Data Representation: When we work in AI, we have to deal with vast amounts of data. Here, we can use vectors and matrices to store the data. This makes data representation and manipulation very efficient and, enables efficient data storing and computation.
Optimization: Optimization algorithms are used to solve systems of equations and minimize objective functions. Optimization algorithms like gradient descent and matrix factorization which improve AI models performance and accuracy by adjusting its parameters, heavily rely on linear algebra techniques.
Dimensionality Reduction: AI algorithms often struggle with high-dimensional data due to the curse of dimensionality. Therefore, we are using linear algebra techniques such as singular value decomposition (SVD) and eigenvalue decomposition to reduce data dimensions while preserving important information and improving computational efficiency and model performance.
Model Representation: AI models like neural networks are doing mathematical operations on the input data by using neurons to capture the patterns and relationships. As those neurons’ weight and bias values are stored by vectors and matrices, matrix calculations are involved in this whole mathematical process.

How do we use Linear Algebra in AI?

We don’t have to do any math calculations in AI and Data Science. Computers do it for you. Here you just need to know what they are doing. It Only requires basic knowledge of Linear Algebra and how to represent scalars, vectors, and matrices in a computer and to do mathematical operations using codes.

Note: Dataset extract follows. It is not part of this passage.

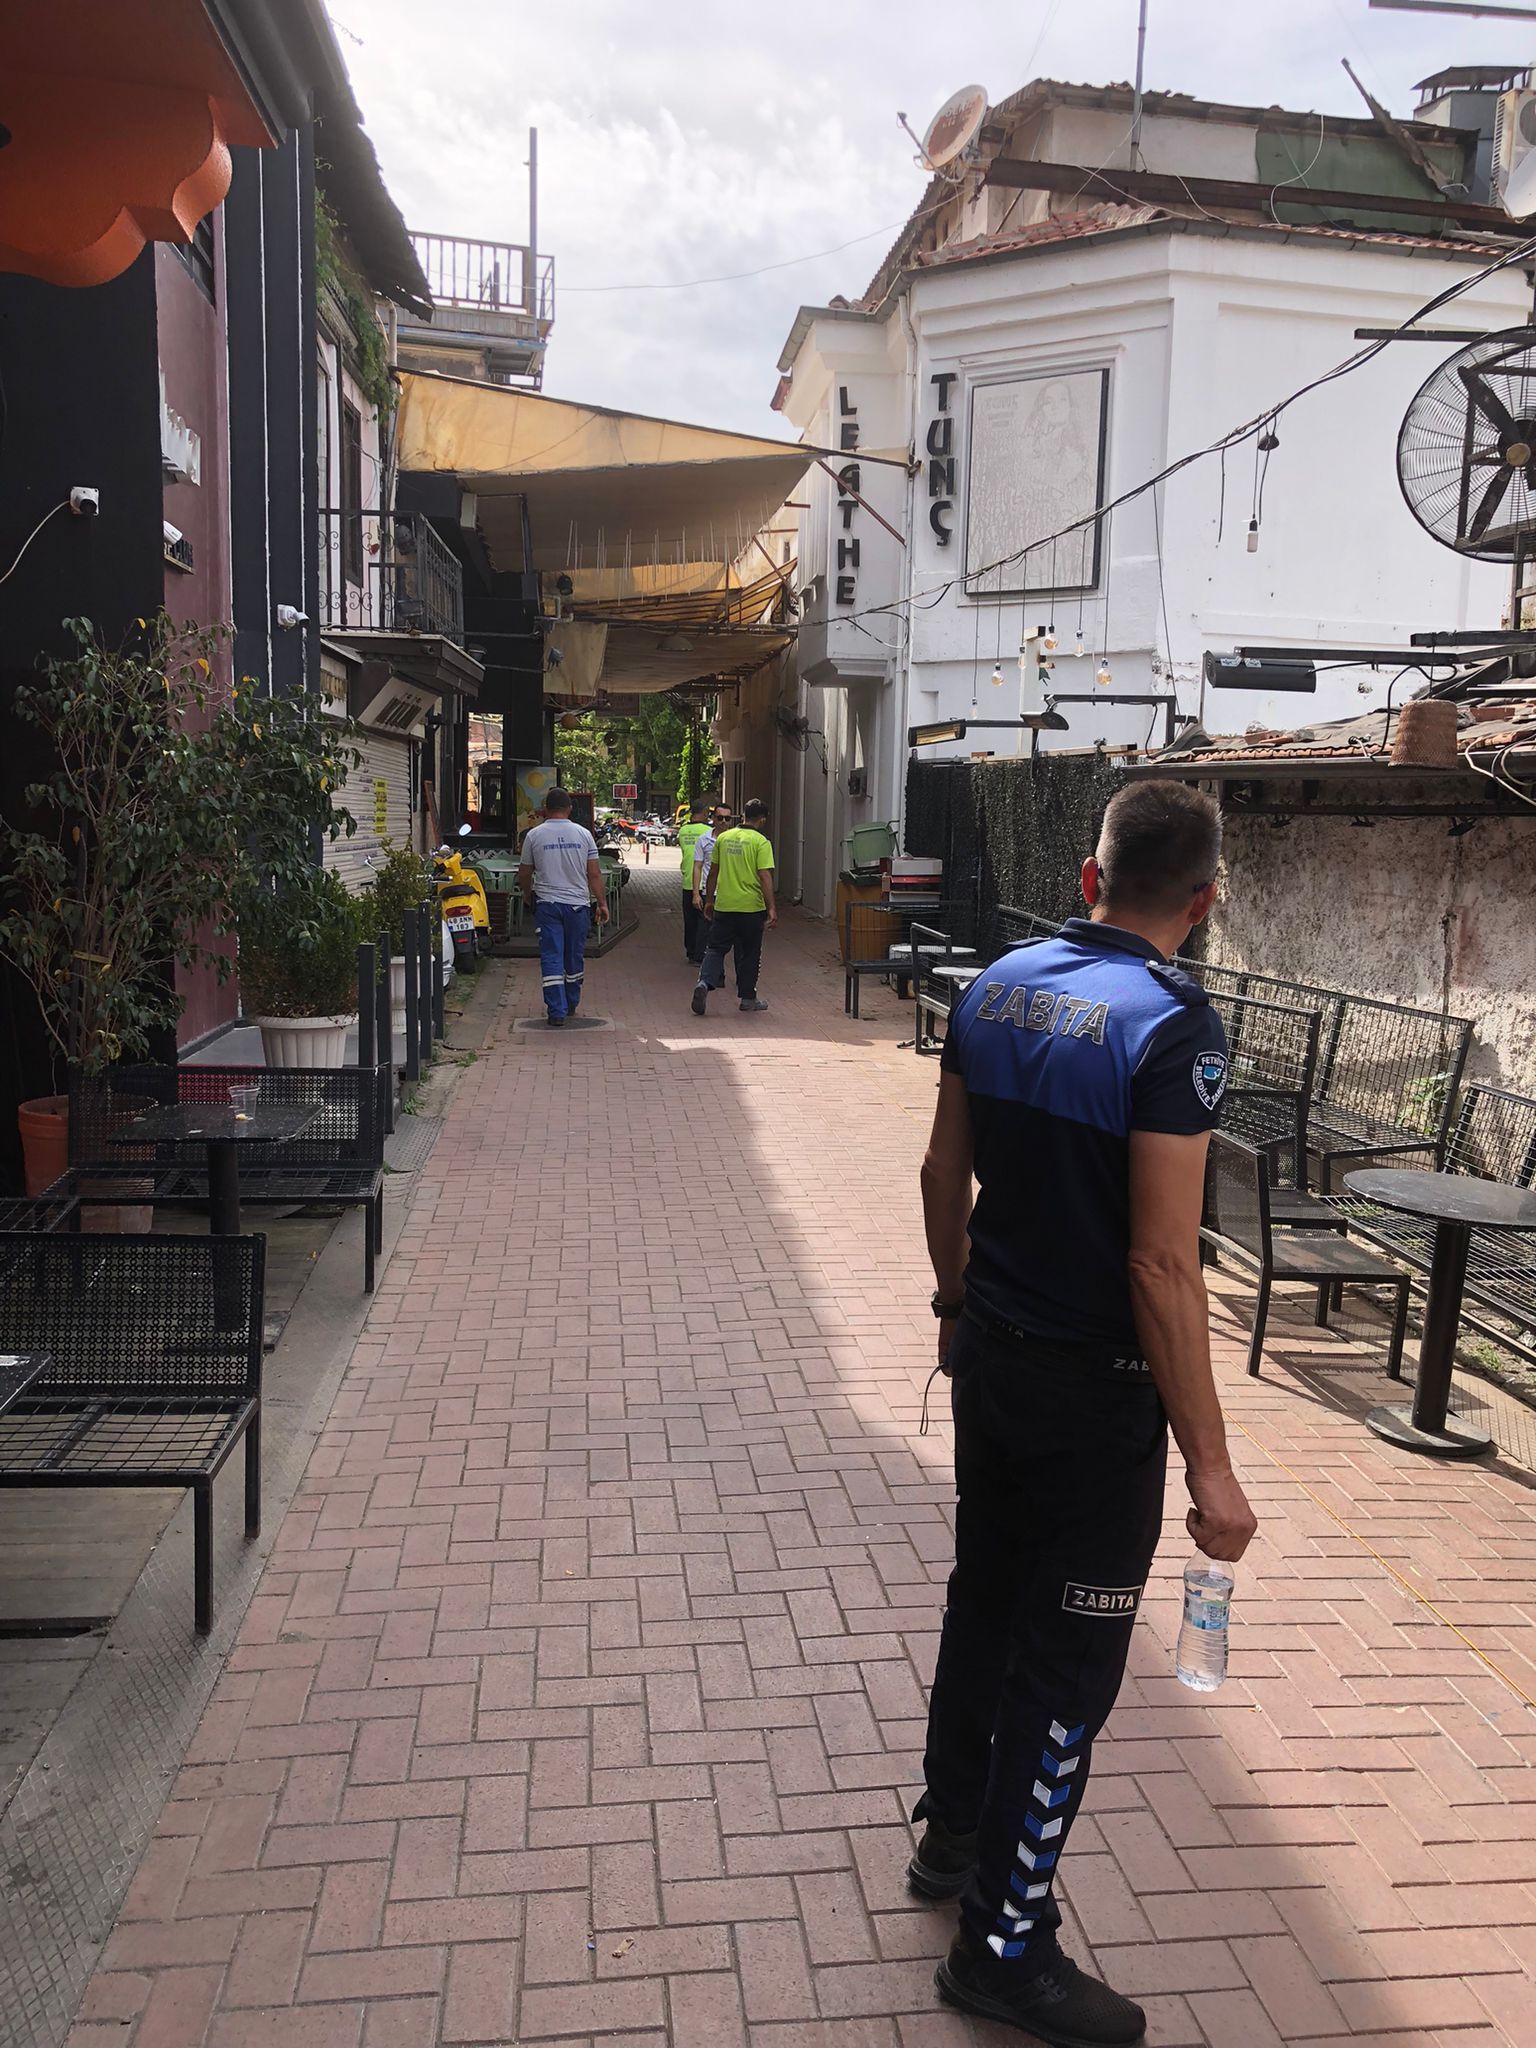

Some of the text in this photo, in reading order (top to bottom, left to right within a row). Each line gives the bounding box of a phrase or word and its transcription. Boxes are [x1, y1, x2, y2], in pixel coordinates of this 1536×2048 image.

[926, 372, 957, 547] TUNÇ
[976, 982, 1110, 1046] ZABITA
[1071, 1590, 1134, 1609] ZABITA

let’s look at the main objects of linear algebra, basic arithmetic operations, and other mathematical operations we need.

Tensors

A Tensor is the fundamental tool in linear algebra that we use to encode and store our data. Generally, a tensor is like a container of numbers that can have various arrangments. Scalar, vector, and matrix are the specific names that we use to describe specific arrangements. In other words, scalar, vector, and matrix are distinct categories within the realm of tensors.

For better understanding, Let’s look at each tensor category and its qualities.

Throughout this article, I use Python and PyTorch combination for programming, You can follow our installation guide to set up your PC properly!

Scalar

A scalar is a tensor with just one element/a single number.

Here, I assign two scalars in PyTorch and perform the addition, multiplication, division, and exponentiation (arithmetic) operations on them.

torch.tensor() – This is used to create tensors(scalars, vectors, matrices). By entering a single value, it just creates a scalar.

Output:

Vector

A vector is a tensor that has an array of numbers with a fixed length. Generally, vectors are represented as columns. (vectors have only one axis)

In Data Science, each element of the vector represents an important feature in the dataset. For example, If you are training a model to predict the heart attack risk, each vector might represent a patient, and its components/values might correspond to their most recent vital signs, cholesterol levels, minutes of exercise per day, etc.

Like other programming languages, Python’s array indices start at 0. Here, torch.arange(3) creates a tensor(vector) with values ranging from 0 to 3 [0, 1, 2]

Output:

Numb of the element in a vector represents the dimensionality of that vector. You can see num of elements contained in the vector via Python’s built-in len() function

Output:

Python’s attribute called shape() gives a tuple that indicates a tensor’s number of axes and the number of elements in each axis. As vectors have only one axis, it outputs one number which indicates the number of elements in that axis.

Output:

Though vectors that are created by tensor.arange() seem like rows, They actually work as columns.

Matrix

Matrices are tensors characterized by having two axes.

A∈R^m×n indicates that a matrix A contains m×n real-valued scalars, arranged as m rows and n columns. When m=n we say that a matrix is square. Visually, we can illustrate any matrix as a table.

Here, I convert vector x into a Matrix with 3 rows and 2 columns and another Matrix with 2 rows and 3 columns.

.reshape(numb of rows, numb of columns) – Changes tensor shape as you want.

Output:

Higher-Rank Tensors

All the tensors except Scalars, vectors, and matrices which have more than two axes are defined as higher-rank tensors.

For example, we can create a tensor with 3 axes like this:

.reshape(num of blocks, num of rows, num of columns)

Output:

We can create a tensor with the values that we want by using torch.tensor()

Output:

Tensor Operations

We can apply various tensor manipulation and transformation methods to a tensor and these operations are very important in data science and AI. They include:

Matrix’s Transpose

Here we are flipping the axes of a tensor, effectively changing rows to columns and vice versa. We represent transposed X by X^T

In Pytorch we use .T to get the transpose of a tensor.

Output:

Hadamard Product(⊙)

This gives us the elementwise product of two tensors. To perform this operation, both tensors should be the same shape. In Pytorch, We use * to calculate the elementwise product of two tensors.

Output:

Dot Product

This produces a sum over the product of the elements at the same position in a tensor. If X and Y vectors (X,Y∈R^d), their dot product is represented as X^TY

$X^{T} Y = \sum_{i = 1}^{d} x_{i} y_{i}$

We use torch.dot() function in PyTorch to get the dot product between two vectors. Remember that this method only works for vectors and both vectors should be the same type(int, float..). There are other methods in PyTorch that are used to get the dot product between other tensor types.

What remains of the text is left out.